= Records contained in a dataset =

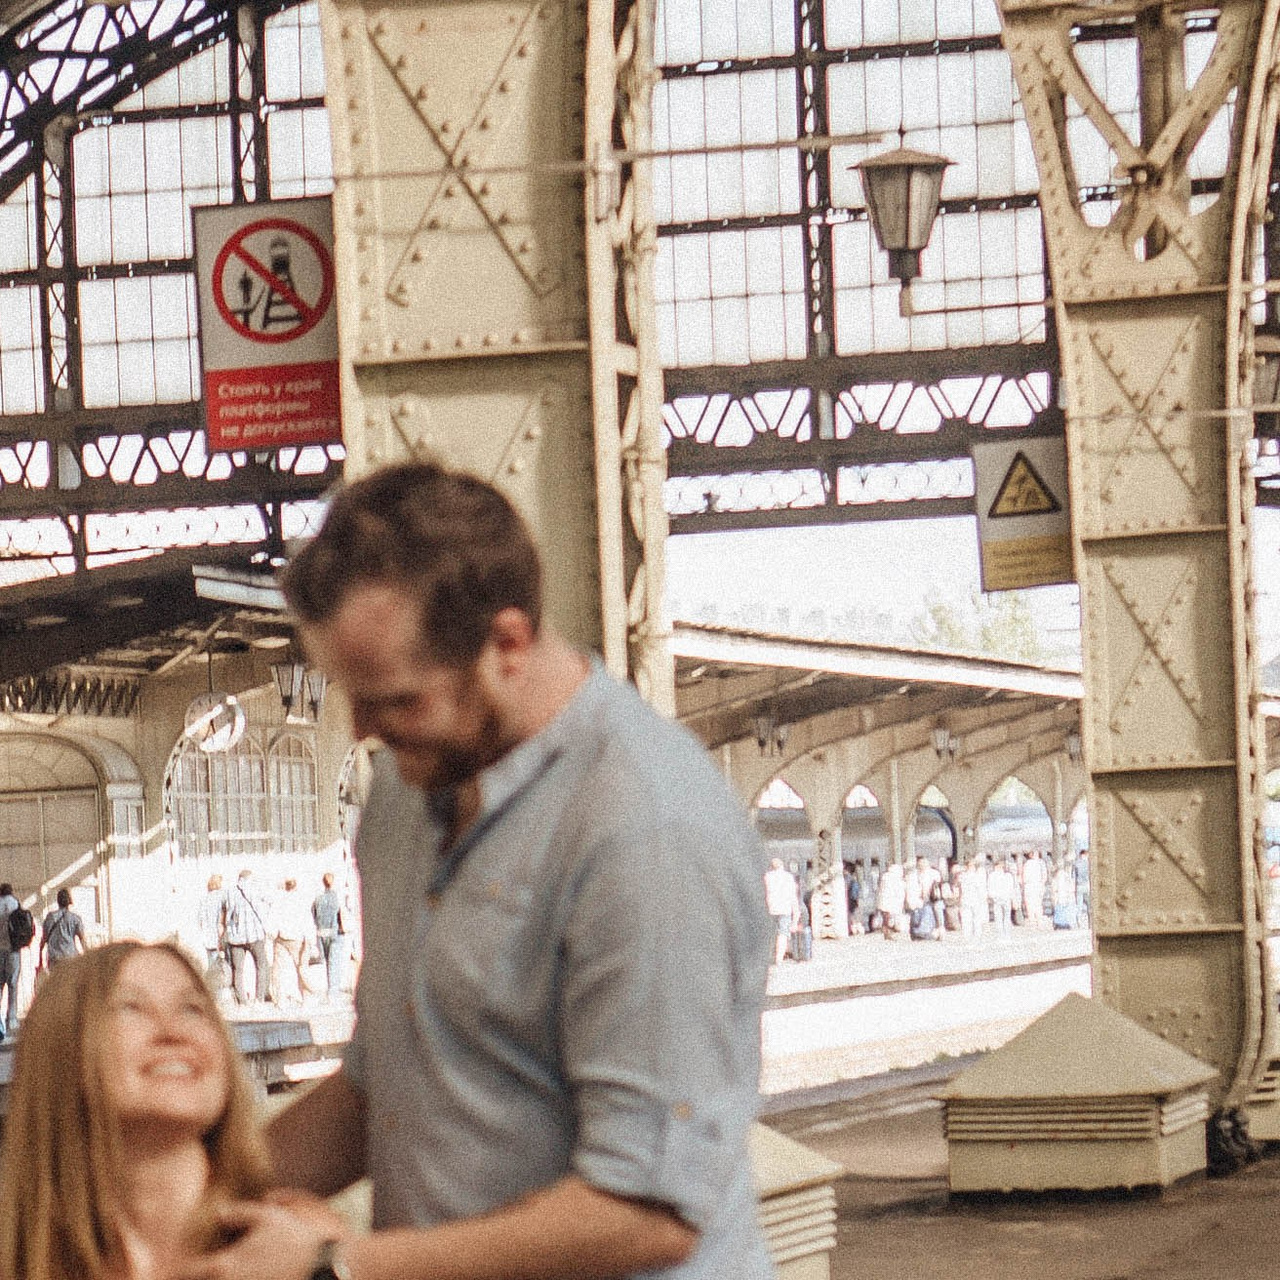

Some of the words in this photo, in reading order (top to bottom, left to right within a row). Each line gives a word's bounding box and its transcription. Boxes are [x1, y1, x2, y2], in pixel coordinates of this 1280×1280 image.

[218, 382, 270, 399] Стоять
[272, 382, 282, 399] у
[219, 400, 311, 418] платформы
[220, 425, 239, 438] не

= Task item =
Your answer must be an exact copy of the records, free of images.

= Response =
Some of the words in this photo, in reading order (top to bottom, left to right within a row). Each line gives a word's bounding box and its transcription. Boxes are [x1, y1, x2, y2], in pixel coordinates of this 1280×1280 image.

[218, 382, 270, 399] Стоять
[272, 382, 282, 399] у
[219, 400, 311, 418] платформы
[220, 425, 239, 438] не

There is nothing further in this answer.